#### Description of the task:
Repeat each record below exactly, omitting whatever pictures appear in it.

++++ Input material ++++

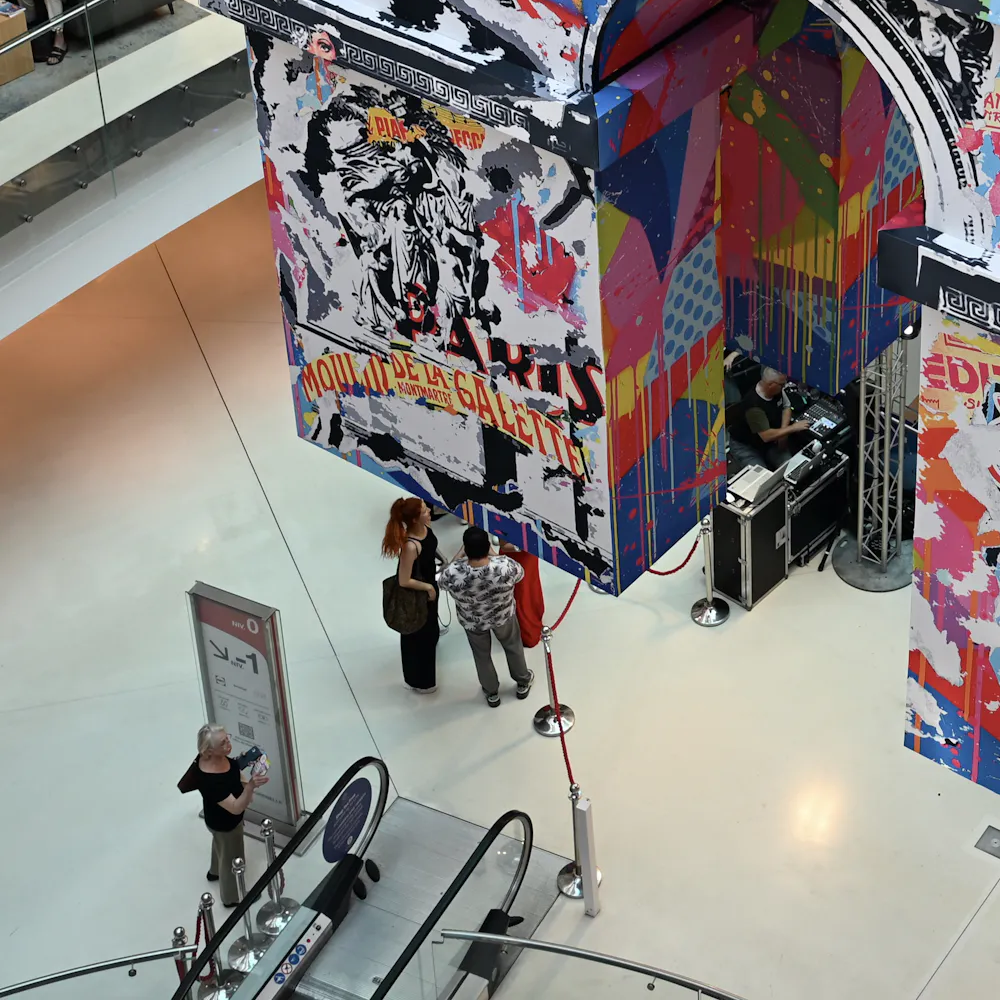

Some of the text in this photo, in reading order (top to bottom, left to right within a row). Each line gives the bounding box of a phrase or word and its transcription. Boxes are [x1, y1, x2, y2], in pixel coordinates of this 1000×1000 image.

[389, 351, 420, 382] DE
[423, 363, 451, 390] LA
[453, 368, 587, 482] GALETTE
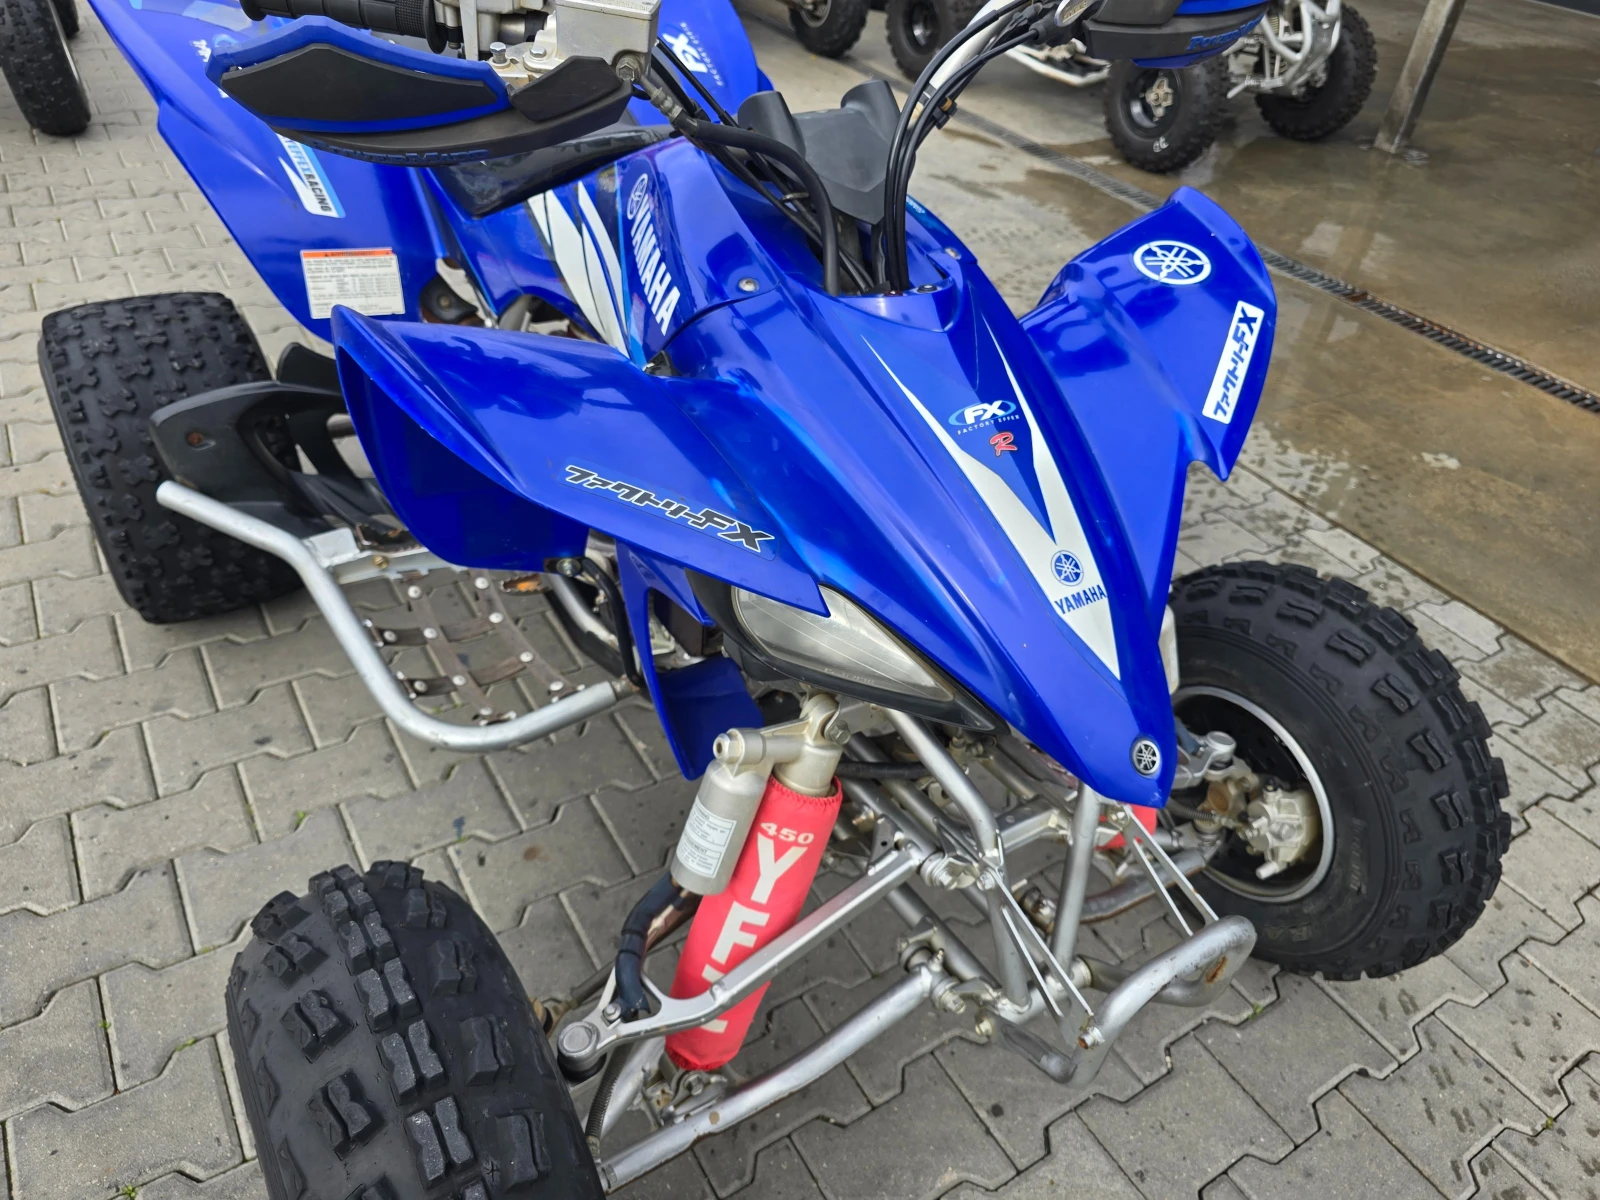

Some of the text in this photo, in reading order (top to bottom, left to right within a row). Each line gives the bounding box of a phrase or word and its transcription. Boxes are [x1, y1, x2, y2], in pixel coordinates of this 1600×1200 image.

++++

#### Exercise result:
Some of the text in this photo, in reading order (top to bottom, left to right within a row). Each line gives the bounding box of a phrase or word and its transcription. Boxes are [x1, y1, x2, y2], in pixel coordinates of this 1000×1000 image.

[389, 351, 420, 382] DE
[423, 363, 451, 390] LA
[453, 368, 587, 482] GALETTE

Some of the text in this photo, in reading order (top to bottom, left to right within a row). Each line gives the bounding box of a phrase or word and its transcription. Boxes are [x1, y1, x2, y2], in pixel coordinates of this 1600×1200 image.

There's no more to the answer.